Help
cancel
Showing results for 
Search instead for 
Did you mean: 
Highlighted
Copilot Lvl 2
Message 1 of 4

GitHub Actions and Docker Builds - Removing Docker Cache Problems

I have a large Docker image that sometimes has issues building, because it's so big.

 

I'm using [Docker Build with Cache Action](https://github.com/whoan/docker-build-with-cache-action) for build caches, but sometimes this will fail because the cache plus the new layers is more than 14 GB.

 

I'm trying to catch this error and run a second time with no cache, but it seems some of the Docker things (images, layers, whatever) are still lingering. So I run a step `docker system prune --force` and it removed around 700 MB of files. This wasn't enough, so I ran a more aggressive command, `docker system prune --force --all --volumes`. This appears to have removed some of the GitHub Actions required components, as the next step fails to run, with the error:

 

```

Unable to find image 'e87b52:0c9a57e74a414c4bbe60bd043fcbf313' locally

```
 
So I'm wondering if there's a better way to clear out the previous step's Docker leftovers, by using a filter on the `docker system prune` command, perhaps.

Not sure if the key GitHub Actions required Docker images have a label set perhaps?
3 Replies
Highlighted
GitHub Partner
Message 2 of 4

Re: GitHub Actions and Docker Builds - Removing Docker Cache Problems

@alexgleith ,

 

I noticed you are using the GitHub-hosted runners to run your jobs.
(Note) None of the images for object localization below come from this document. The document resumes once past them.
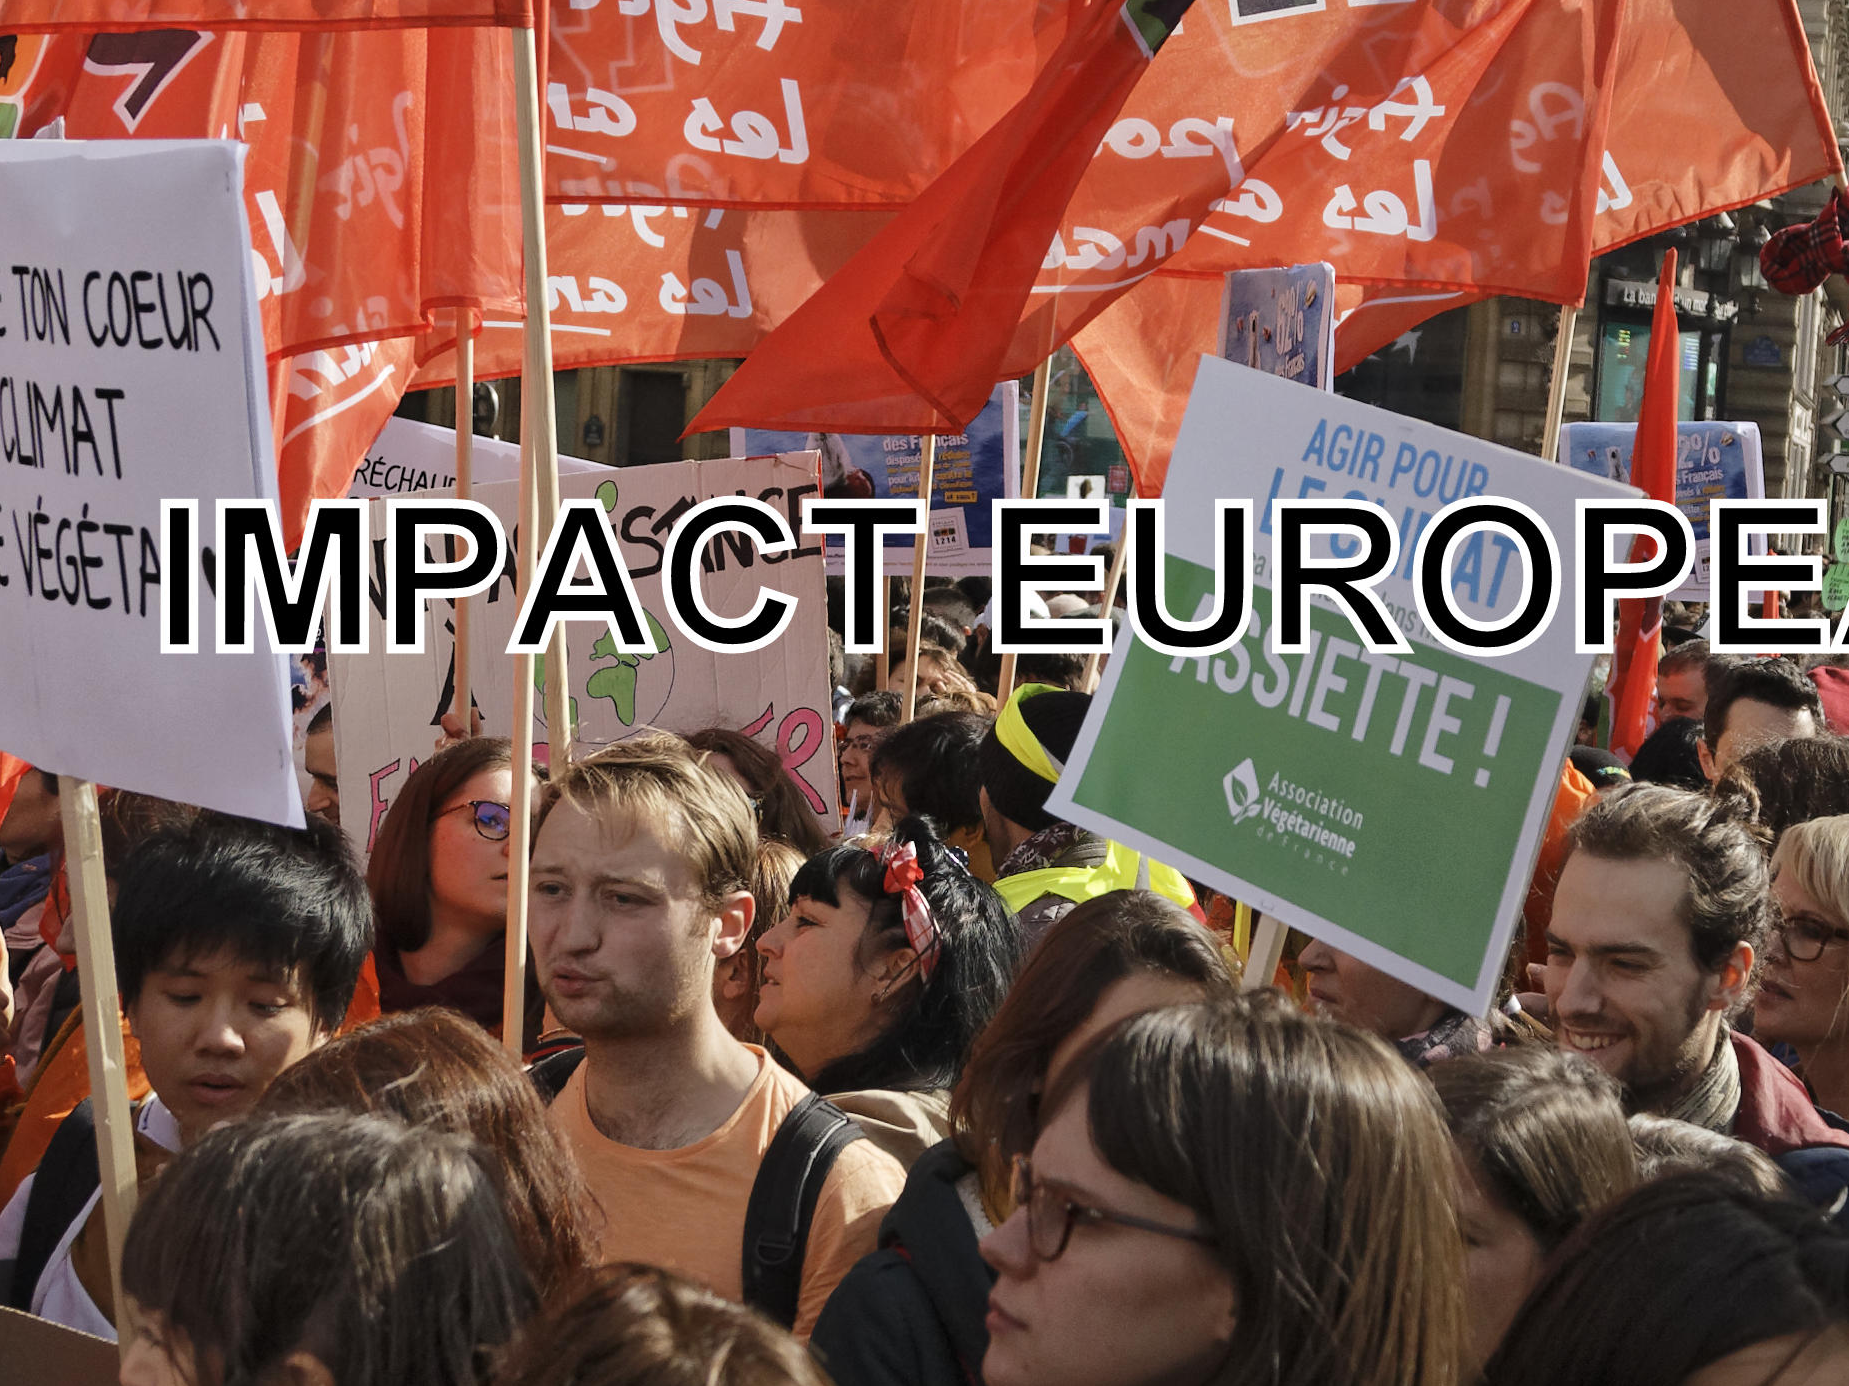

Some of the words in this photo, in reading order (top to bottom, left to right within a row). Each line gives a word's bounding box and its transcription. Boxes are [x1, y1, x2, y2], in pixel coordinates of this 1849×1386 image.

[12, 264, 71, 346] TON
[82, 269, 222, 352] COEUR
[0, 375, 125, 481] CLIMAT
[1302, 418, 1386, 484] AGIR
[1388, 441, 1490, 505] POUR
[1677, 430, 1721, 471] 2%
[12, 494, 161, 618] VÉGÉTA
[1262, 796, 1357, 859] Végétarienne
[1267, 771, 1364, 830] Association
Typically each virtual machine provides about 14 GB of SSD disk space (see here) available, sometimes the actual space may be a little more or less.
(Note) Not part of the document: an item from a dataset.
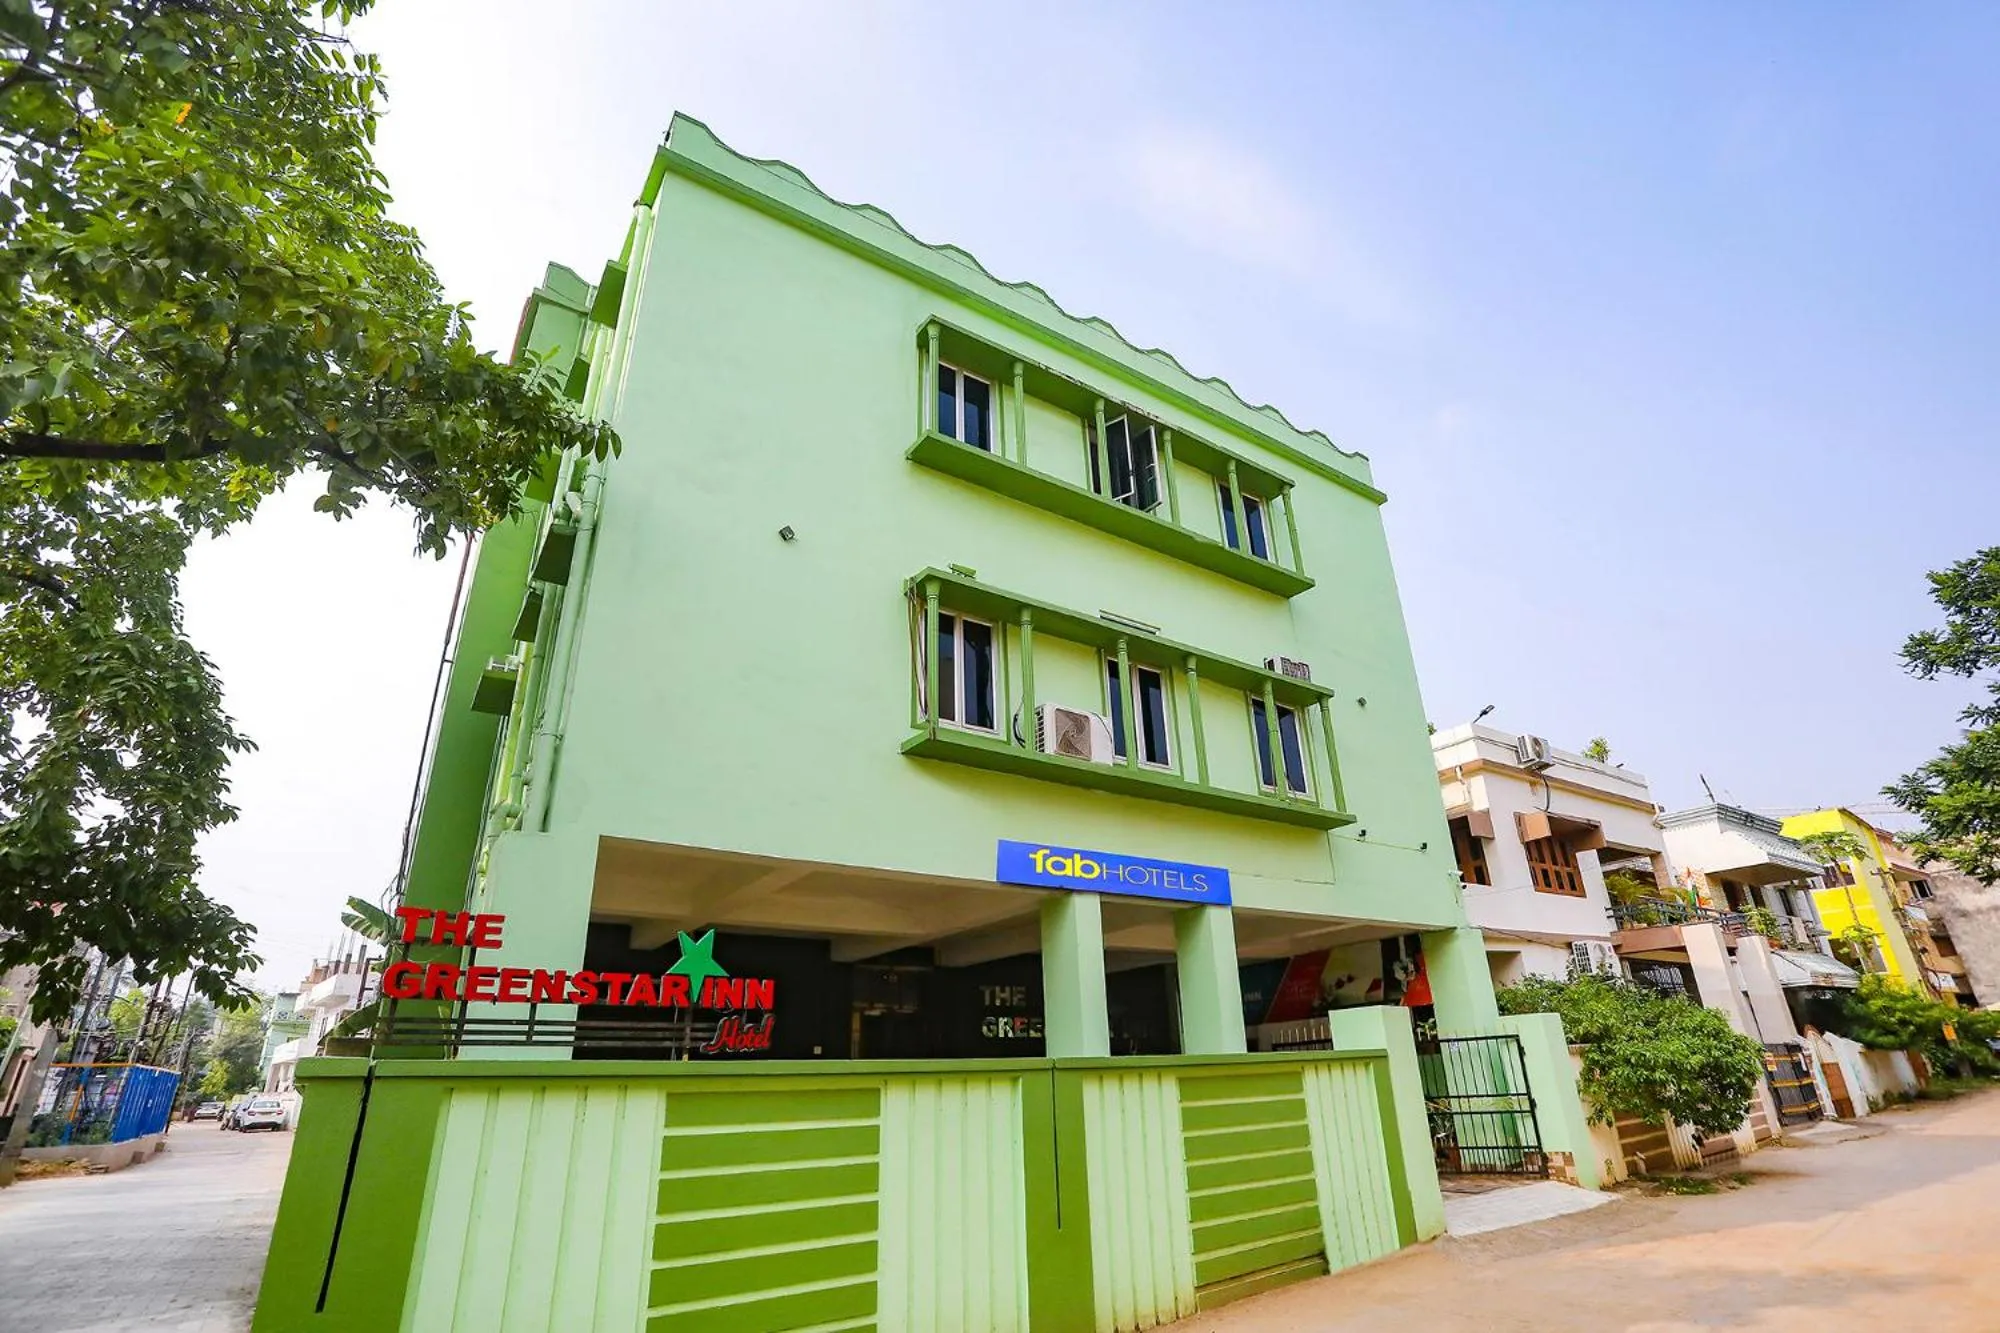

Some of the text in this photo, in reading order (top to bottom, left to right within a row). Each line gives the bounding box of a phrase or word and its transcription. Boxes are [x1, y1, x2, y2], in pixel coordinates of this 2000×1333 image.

Because the layers of your image build is more than 14 GB, so it can easily exceed the limit, and returns the error "No space left on device".

 

I think, using the "docker system prune" command to remove the unused data may be not helpful. It's unlikely to make more space that is more than 14 GB, because the disk space has been fixed when the runner startup. And as you mentioned, you may mistakenly remove some important data or dependencies.

 

Currently, as a workaround, I recommend you use self-hosted runners to run the these jobs. You can install the self-hosted runners on your local machines (or your VMs) that have more available space provided to run the jobs.

Highlighted
Copilot Lvl 2
Message 3 of 4

Re: GitHub Actions and Docker Builds - Removing Docker Cache Problems

Hey @BrightRan 

 

I'm hoping to avoid self-hosted runners unless absolutely necessary.

 

The issue I experience is that if I build the image without caching, it works, but takes 25 minutes.

 

If I build with caching, it takes 5 minutes.

 

If I build with a change early in the process, I've downloaded the caches and it runs out of disk space because the cache + the new layers is too much.

 

Here's what I'm hoping to achieve:

  1. Build the image with a cache (should take 5 mins)
  2. If 1 fails because it runs out of disk, clear the cache and free up the disk from step 1
  3. Because it's failed, build the image without using a cache (will take 25 mins)

 

What I'm having trouble with is that step 3 fails because there is left over Docker layers (or something) from step one.

If I do just build without a cache it works fine, but it will always take 25 mins. I want both cache and handling the cache being too big!

Highlighted
GitHub Partner
Message 4 of 4

Re: GitHub Actions and Docker Builds - Removing Docker Cache Problems

@alexgleith ,

I have a workaround maybe you can consider to be as a reference: dividedly run step1 and step2 you mentioned above in two jobs. That means making them run in two runners.

For example, as simple demo:

jobs:
  job1: Build the image with a cache
  job2: build the image without using a cache
    if: job1.status == "failure"

You just need to pass the status of job1 to the if conditional of job2. Because each job in a workflow executes in a fresh instance of the virtual machine, so you don't need to clean the cache and free up the disk.